A Spanish judge ruled Thursday to open a probe into senior Israeli officers involved in the 2002 assassination of senior Hamas terrorist Salah Shehadeh. The judge, Justice Fernando Andreu, said the assassination may have been a crime against humanity.
Andreu said the strike on Shehadeh may have been illegal due to the fact that Shehadeh's home was located in a densely populated area, and several civilians were killed in the strike. He invoked a law allowing Spain to prosecute crimes of terrorism or genocide even if they are committed beyond Spain's borders and do not involve Spanish citizens.
Among those included in the probe are former Israeli Air Force commander Dan Halutz and Minister of National Infrastructure Binyamin Ben-Eliezer, who at the time of the Shehadeh killing served as Defense Minister. Both men approved the strike.
Shehadeh was among the founders of Hamas's armed forces, and headed the armed forces in Gaza at the time of his death. He was responsible for the murder of dozens of Israelis in hundreds of terrorist attacks, including the murder of five young students in the pre-army academy in Atzmona and mortar shell attacks on Jewish towns in and near Gaza.
Shehadeh was killed in an IAF airstrike in July of 2002. Fourteen others were killed as well, including his wife and a daughter.

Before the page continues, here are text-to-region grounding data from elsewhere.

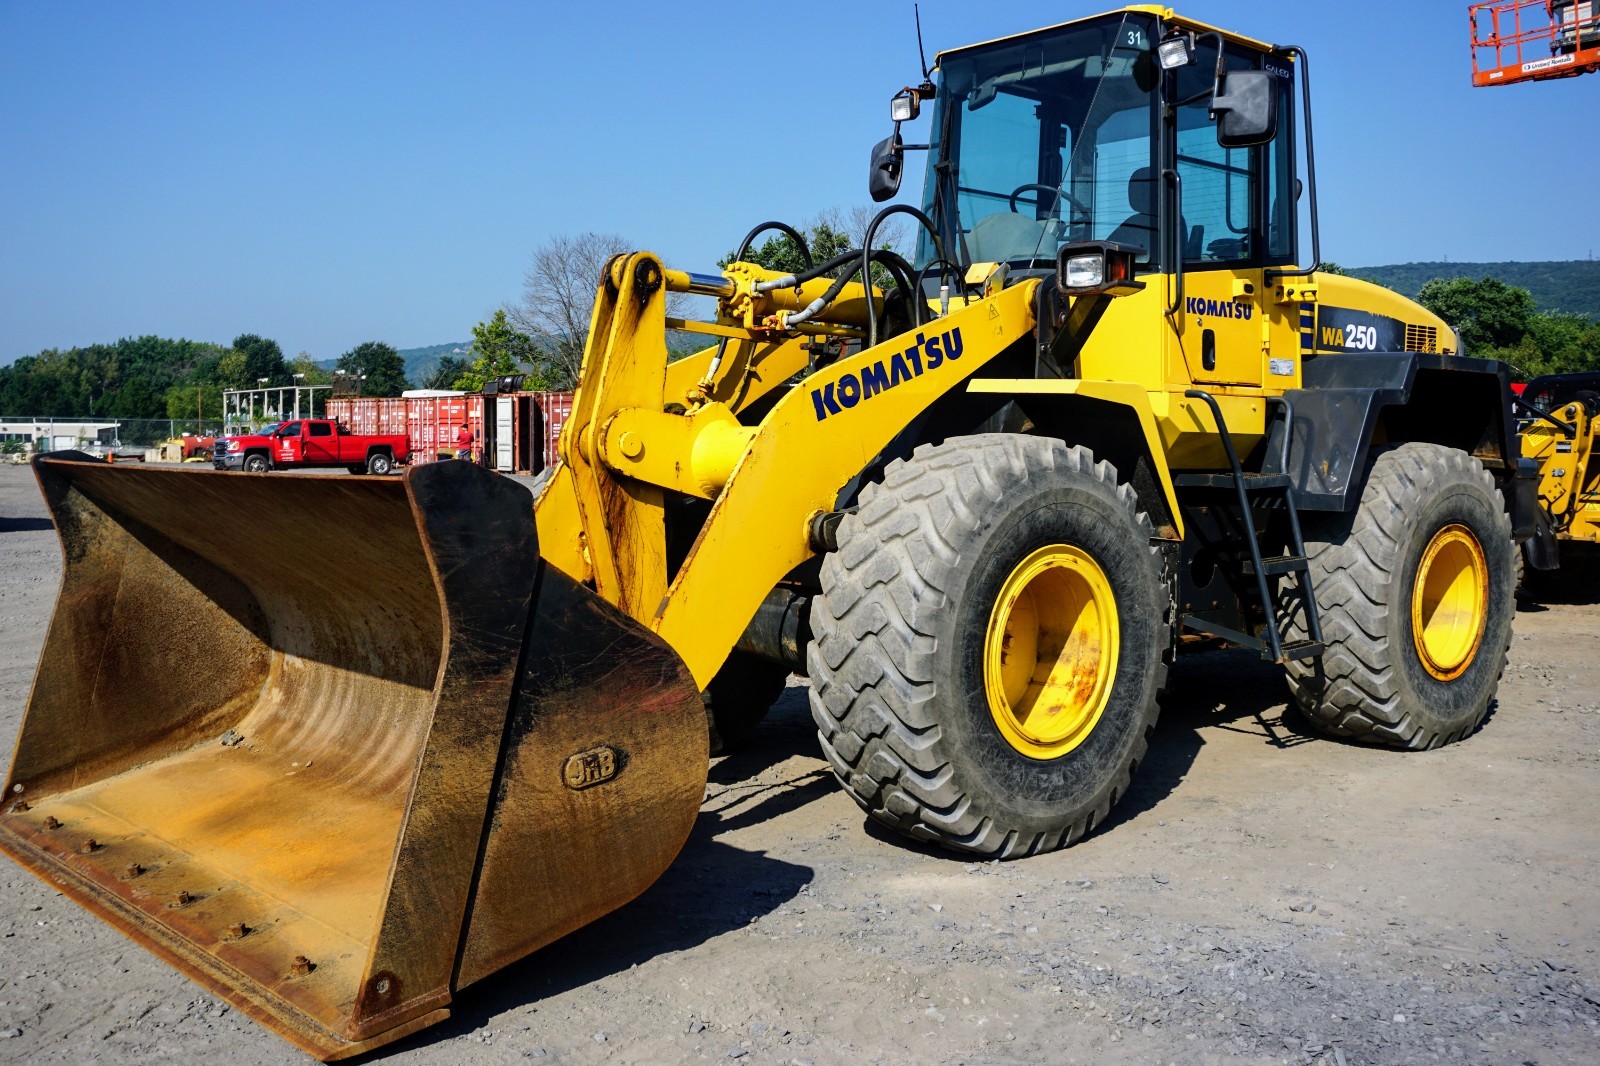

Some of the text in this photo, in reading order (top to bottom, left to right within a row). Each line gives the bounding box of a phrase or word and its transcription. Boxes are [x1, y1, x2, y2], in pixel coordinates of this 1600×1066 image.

[1127, 31, 1141, 45] 31
[1531, 54, 1572, 69] United Rentals
[1186, 297, 1252, 320] KOMATSU
[1322, 324, 1377, 350] WA 250
[811, 327, 964, 422] KOMATSU
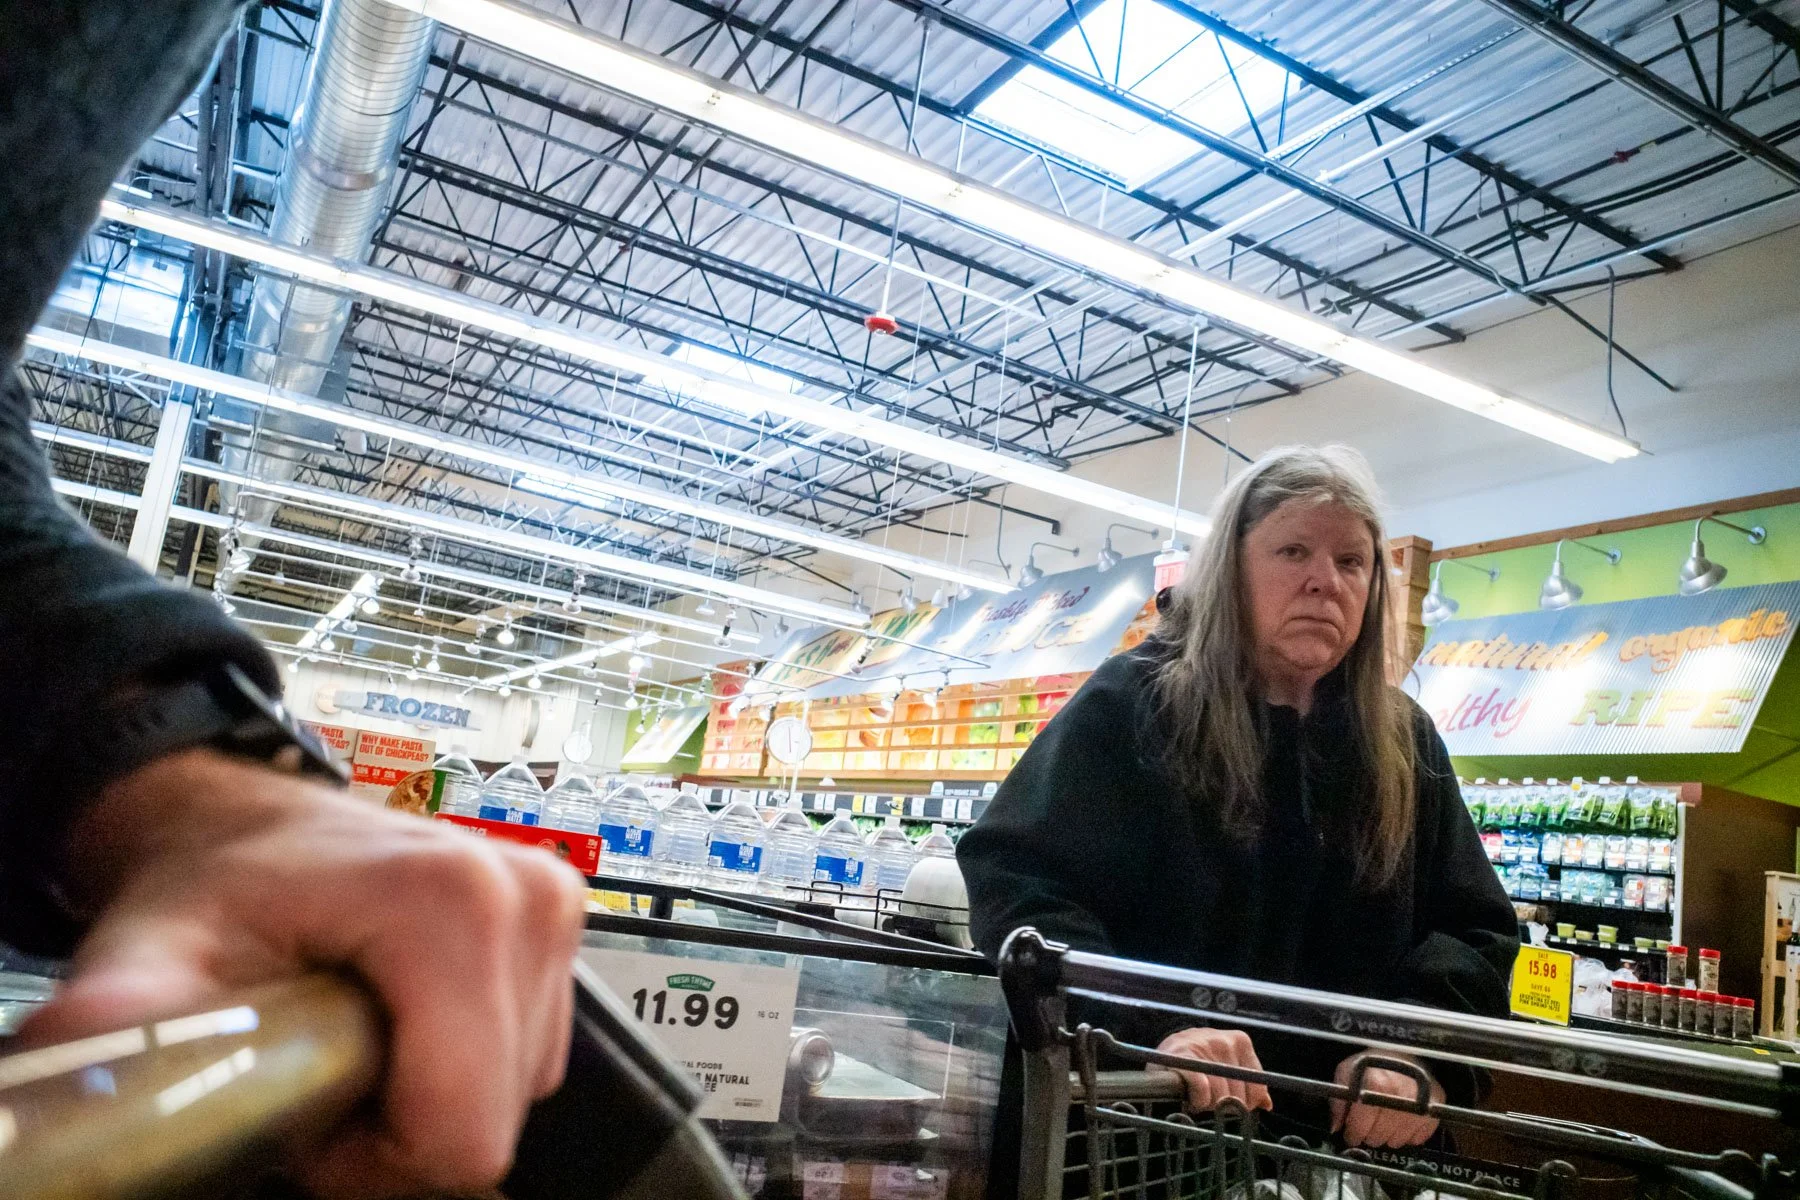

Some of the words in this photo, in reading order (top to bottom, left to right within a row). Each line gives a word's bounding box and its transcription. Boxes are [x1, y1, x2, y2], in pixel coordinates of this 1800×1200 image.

[1418, 631, 1608, 671] natural
[1619, 608, 1790, 673] organic
[364, 691, 471, 727] FROZEN
[1435, 688, 1533, 739] althy
[1568, 689, 1755, 729] RIPE
[321, 726, 344, 739] PASTA
[327, 737, 350, 750] PEAS?
[361, 734, 379, 745] WHY
[379, 736, 400, 748] MAKE
[401, 740, 423, 752] PASTA
[359, 743, 374, 754] OUT
[375, 746, 384, 755] OF
[385, 747, 429, 762] CHICKPEAS?
[1529, 960, 1557, 979] 15.98
[633, 987, 740, 1029] 11.99
[768, 1011, 779, 1019] OZ
[696, 1062, 722, 1070] FOODS
[705, 1073, 750, 1085] NATURAL
[1442, 1163, 1472, 1178] NOT

Several Arab Israeli and Israeli leftist organizations have attempted to put senior IDF officials on trial for the deaths of the civilians killed in the strike on Shehadeh, but such attempts have repeatedly been overruled by the High Court. Those who authorized the Shehadeh strike have faced charges abroad as well – in 2005, former IDF Chief of Staff Moshe (Boogie) Yaalon was nearly arrested in New Zealand due to similar accusations, and in 2007 an American group attempted to charge Public Security Minister Avi Dichter with war crimes.